Mars, past conditions

Artist concept of an ancient martian sea

Mars was once a watery world.

Early in the 4.6-billion-year history of the solar system, the conditions on Earth and Mars were almost certainly much more similar than they are now. On both planets the primitive atmosphere is thought to have originated in large part from gases, mainly water vapor, carbon dioxide, and nitrogen, vented from volcanoes (see Mars, atmosphere). In Earth's case, far more water was released than the atmosphere could hold and the bulk of it condensed to form oceans which remain to this day. Evidence suggests that an ocean also formed on Mars (see Mars, water on), covering, according to some estimates, one-third of the planet's surface to an average depth of 1,700 meters (5,500 feet). Early on, large amounts of carbon dioxide in the martian atmosphere probably led to a vigorous greenhouse effect which kept the average temperature above 0°C. This fact, together with the substantial atmospheric pressure (perhaps similar to that presently found on Earth), would have enabled surface water to remain as a liquid. But whereas on Earth, ongoing plate tectonics have ensured that volcanoes and their release of fresh carbon dioxide play a crucial role in maintaining our planet's equable climate, on Mars the crust appears to consist of a single plate. Owing to its small size, Mars does not have enough internal heat to drive a significant level of tectonic and volcanic activity. Perhaps it did for a while when it was young. But after the martian volcanoes fell silent no new carbon dioxide would have been pumped into the atmosphere, and that which was already there would have been gradually depleted. As happens all the time on Earth, large quantities of atmospheric carbon dioxide were probably taken up by liquid water on the surface and converted into carbonates. Ironically, therefore, the martian ocean and rivers might well have been instrumental in their own demise for, as they removed more and more carbon dioxide, they would have brought about a lowering of the atmospheric pressure and a reduction in the greenhouse effect which had previously maintained the surface temperature above the freezing point of water.

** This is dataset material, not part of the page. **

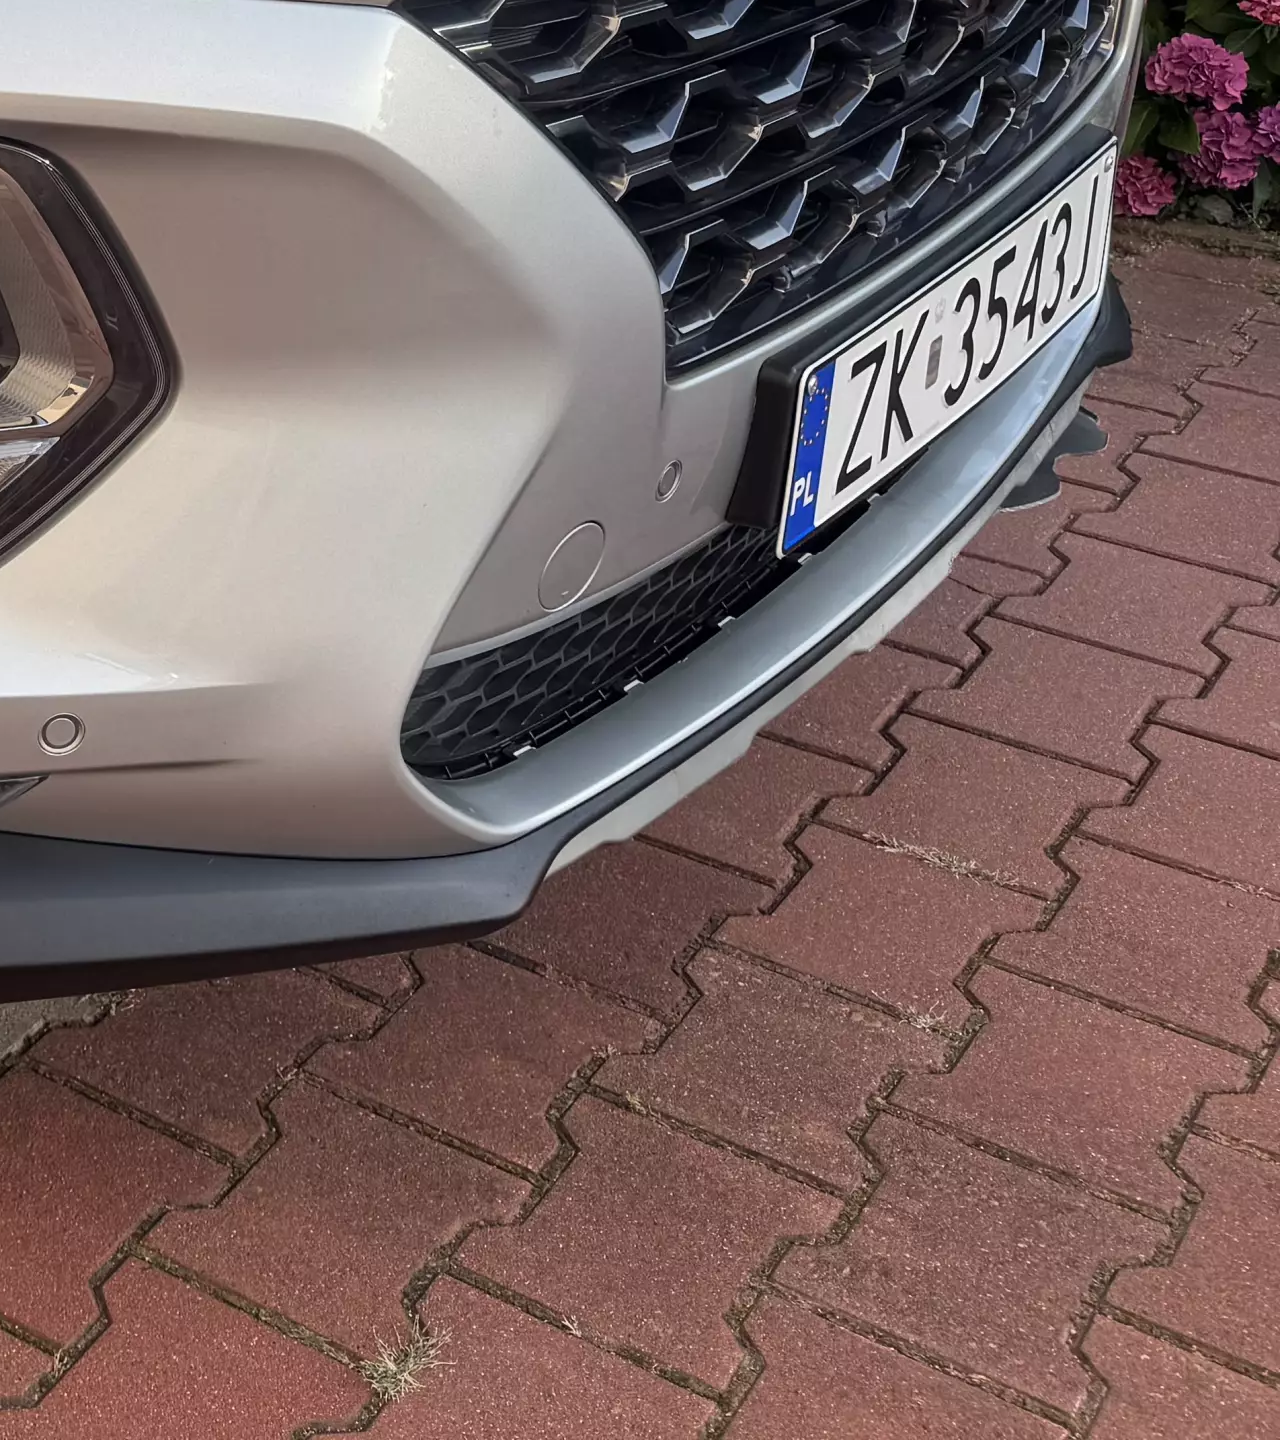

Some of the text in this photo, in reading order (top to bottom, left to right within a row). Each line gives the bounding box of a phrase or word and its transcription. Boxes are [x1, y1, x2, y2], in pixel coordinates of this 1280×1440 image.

[834, 174, 1099, 497] ZK 3543J
[789, 476, 815, 517] PL

Putting an accurate timescale on these dramatic changes in climate is not easy and researchers continue to argue over when and for how long Mars was warm and wet. The original, volcanically-vented martian atmosphere was probably in place around 4 billion years ago, toward the end of the period of heavy primeval bombardment. Judging by the structure of the valley systems and the extent to which some craters from the early bombardment phase have apparently been eroded by running water, a strong greenhouse effect must have persisted for about 500 million years. Even after this, however, some surface water presumably remained for a long time, continuing to remove carbon dioxide, in order that the atmosphere should have thinned out to its present extent. According to one estimate, the last dregs of the once great ocean on Mars disappeared some 3 billion years ago.


Whether Mars has had an occasional wet spell since is a matter of controversy. It may be that Mars experiences periodic ice ages as does the Earth and that, at present, it is in the midst of a prolonged cold snap. There could be a number of reasons for this. Variations in the tilt of the martian rotation axis, for example, are much more pronounced than in the case of Earth due to the gravitational influence of Jupiter. Another possible source of climate change could be fluctuations in the amount of solar energy reflected back into space by the martian polar caps. Wind-borne dust, which becomes trapped in the ice, causes the caps to darken and brighten on a seasonal basis. A gradual long-term reduction in the reflectivity of the poles could cause them to warm up and melt, releasing sufficient carbon dioxide to allow liquid water to exist again on the surface. (Some means of bringing this about artificially might one day be at the heart of a scheme to terraform the Red Planet.) Finally, it is conceivable that variations in the luminosity of the Sun have had their effect on Mars. Some of the channels, presumed once to have contained water, are pock-marked by occasional impact craters, the frequency of which provides a rough measure of the age of these particular channels – about 1 billion years, according to some estimates. This coincides more or less with the most recent era of high global temperatures on Earth, suggesting a common underlying process at work – a possible solar link.


In October 1999, researchers announced that, based on high-resolution images from Mars Global Surveyor, no ancient shorelines could be discerned and that, as a result, the case for past oceans on Mars had been weakened.